I NUOVI SISTEMI DI GEOTERMIA

I primi sistemi di geotermia risalgono al secolo scorso come abbiamo già documentato in un ampio servizio sulla storia della geotermia in Italia (http://www.ambientebio.it/blog/la-geotermia-in-toscana/) la geotermia può rinascere in Italia fornendoci il 10% dei suoi consumi elettrici. La proposta è di oggi conferenza internazionale di tre giorni a Napoli, a Villa Doria D’Angri, a cui parteciperanno i responsabili di vari enti e associazioni, dall’Ingv, all’università Federico II, da Giga (Gruppi informale per la geotermia e l’ambiente) all’Istituto geofisico e vulcanologico islandese (Isor).

Il convegno di Napoli è stato organizzato per  dimostrare la convenienza e la praticabilità delle nuove tecnologie geotermiche. Si discuterà il progetto di un impianto pilota nei Campi Flegrei in cui sono previste: una centrale geotermica, una fotovoltaica a concentrazione, una a biomasse e un sistema a ciclo chiuso per dare energia e acqua calda sia a Pozzuoli che all’area napoletana. Investimenti che si calcola possano avere un tempo di ritorno molto rapido, attorno ai 6  –  7 anni. E che possono essere replicati con facilità. Ad esempio, come sottolinea un esperto del settore, Andrea Masullo , c’è una vena di acqua a 45 gradi a soli 50 metri di profondità che è stata trovata durante la costruzione dell’Auditorium di Renzo Piano a Roma. Il potenziale degli utenti arriva a più di mezzo milione di persone che, sfruttando la geotermia, potrebbero eliminare caldaie e condizionatori d’aria con le relative emissioni inquinanti. Giacimenti di questo tipo esistono in molti siti, per esempio a Napoli, e possono soddisfare gli usi domestici locali e parte di quelli industriali.
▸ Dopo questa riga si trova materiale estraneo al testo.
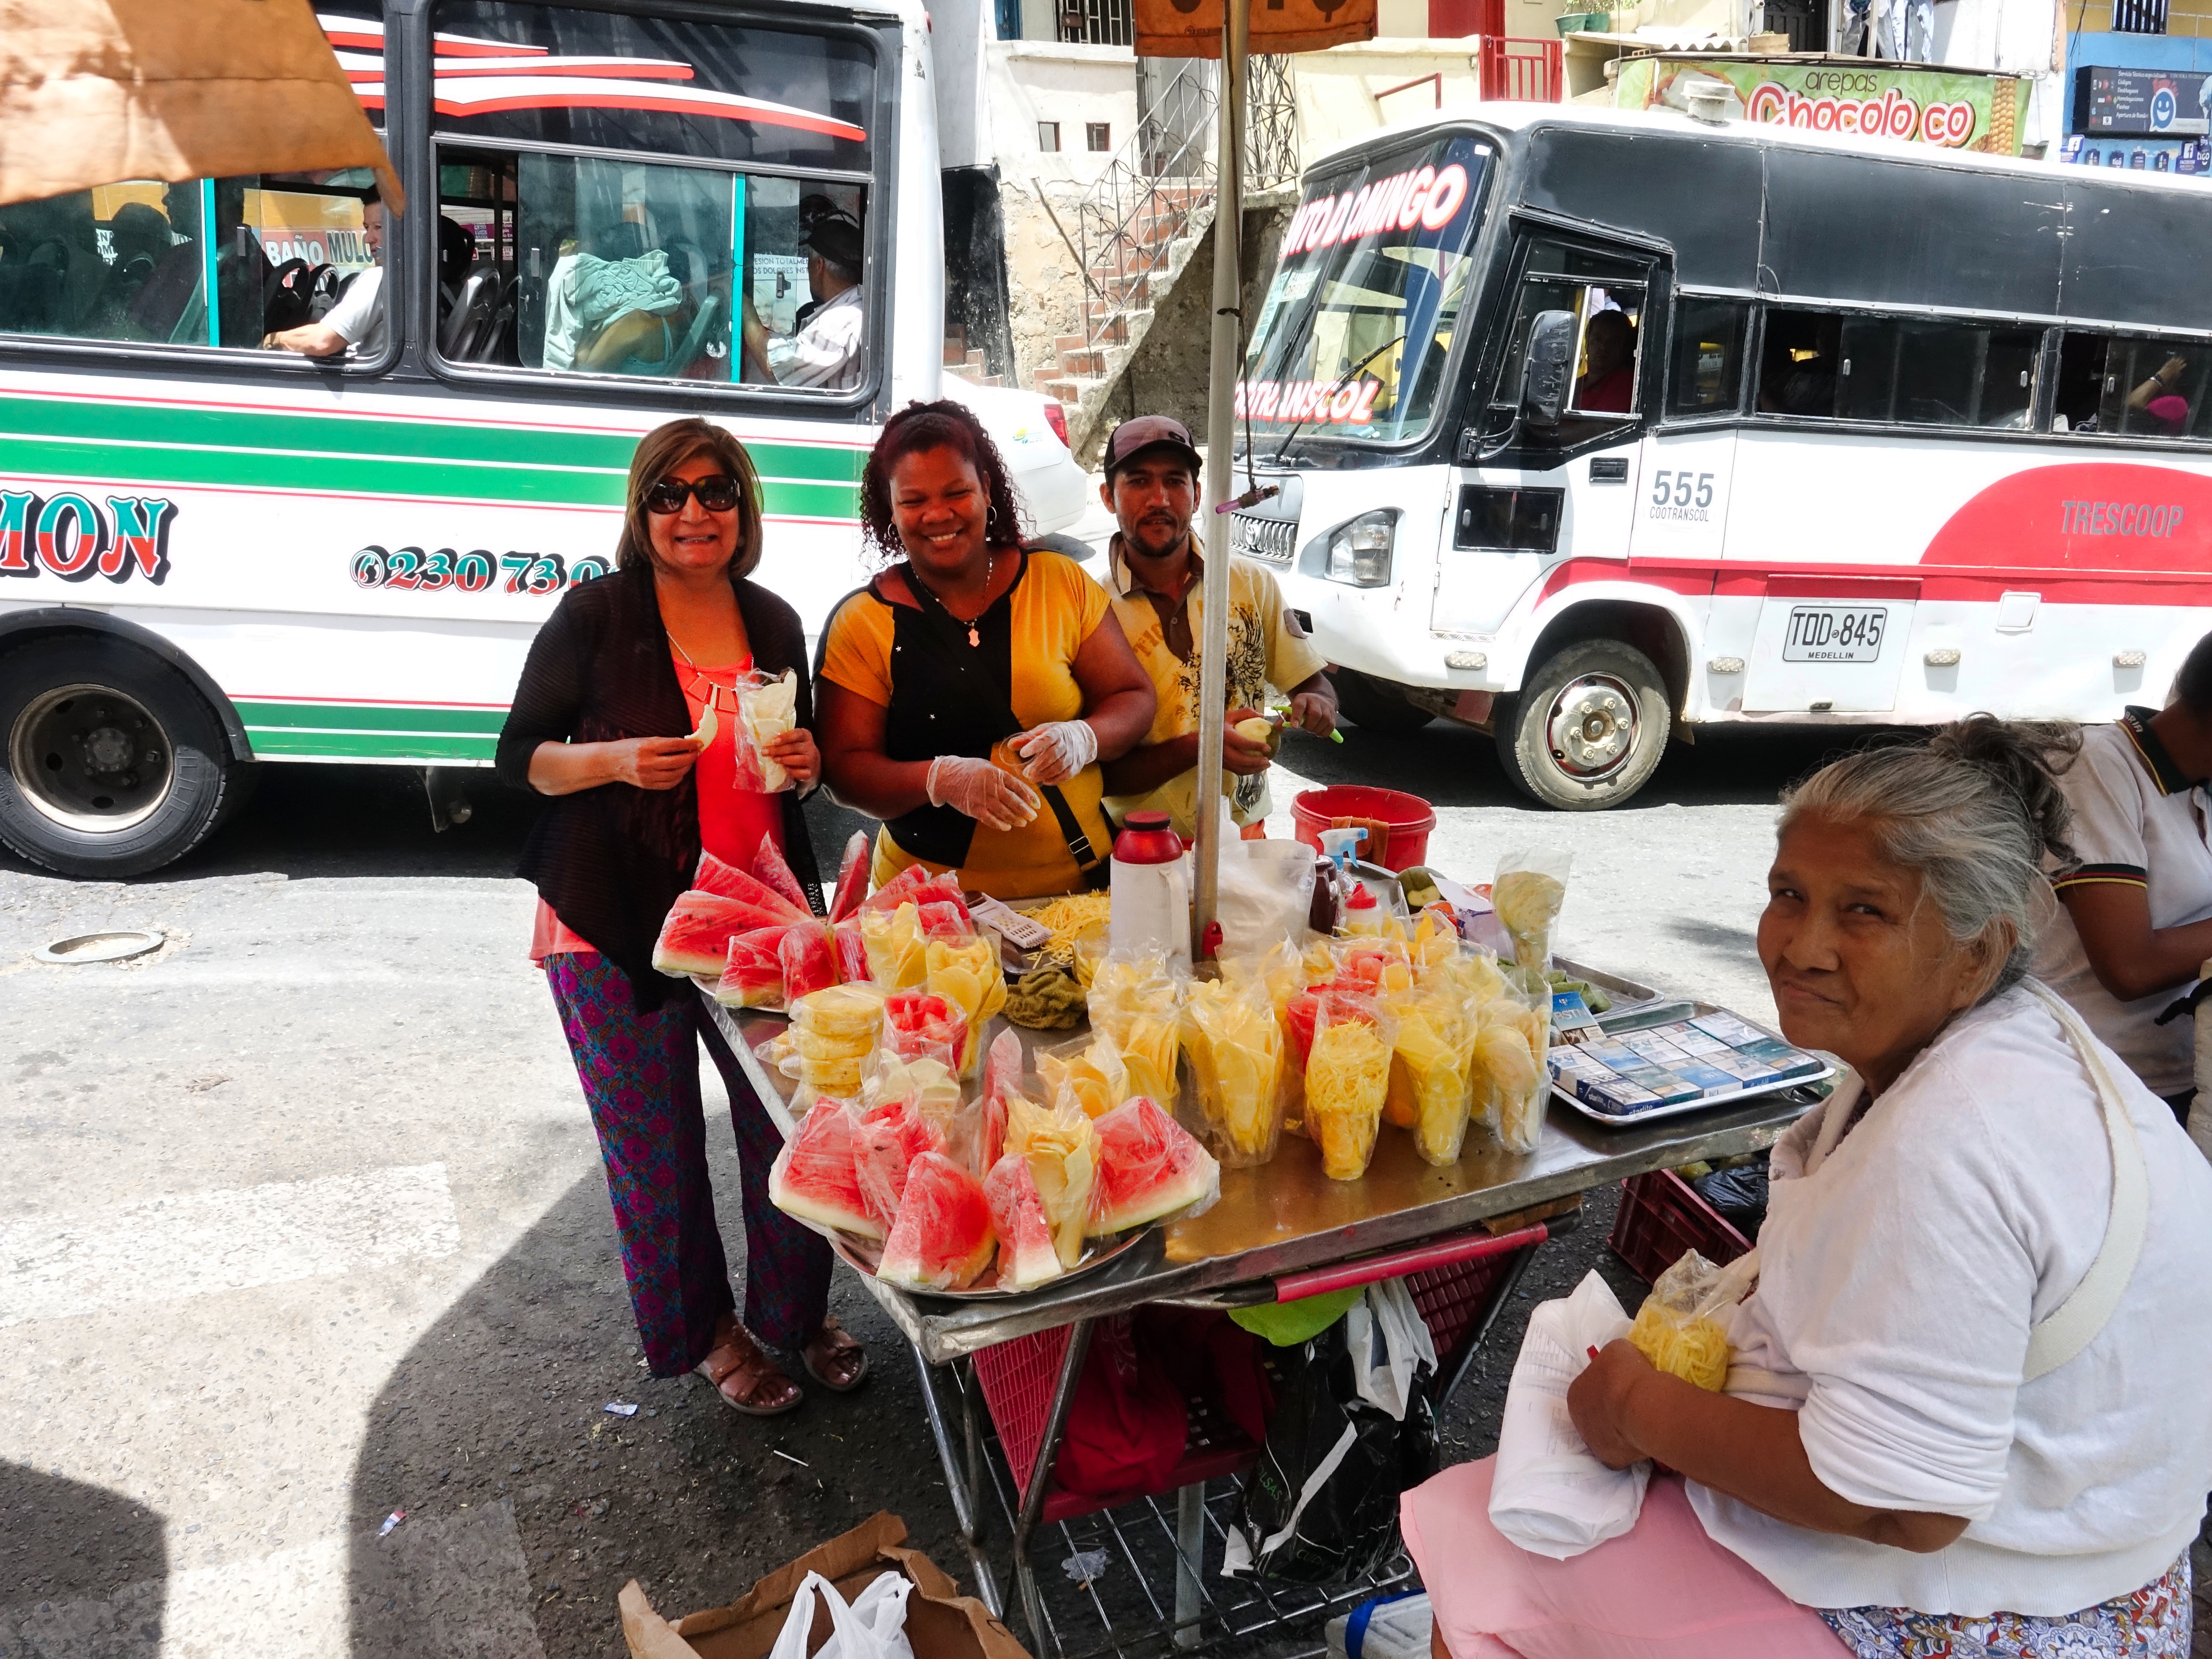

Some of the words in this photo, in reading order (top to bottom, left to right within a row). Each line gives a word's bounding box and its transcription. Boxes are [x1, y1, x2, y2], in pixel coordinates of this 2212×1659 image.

[1805, 71, 1877, 96] arepas
[1320, 164, 1468, 247] DOMINGO
[265, 234, 324, 266] BAÑO
[1234, 380, 1379, 425] OOTRANSCOL
[1653, 470, 1714, 508] 555
[1650, 506, 1709, 522] COOTRANSCOL
[2061, 500, 2184, 538] TRESCOOP
[1258, 1459, 1283, 1500] OLSAS
“La nuova geotermia rappresenta un’importante possibilità di sviluppo economico per il Paese e garantisce energia pulita perché consente di superare gli errori commessi nel passato”, spiega Fabio Roggiolani, vicepresidente di Giga (Gruppo informale per la geotermia e l’ambiente). “Non ha senso continuare a puntare su vecchie tecnologie che sull’Amiata hanno portato alla nascita di una forte opposizione motivata dalle esalazioni emesse dagli impianti. Oggi è possibile la totale reimmissione dei fluidi geotermici: un sistema completamente chiuso con impatto zero ed emissioni zero”.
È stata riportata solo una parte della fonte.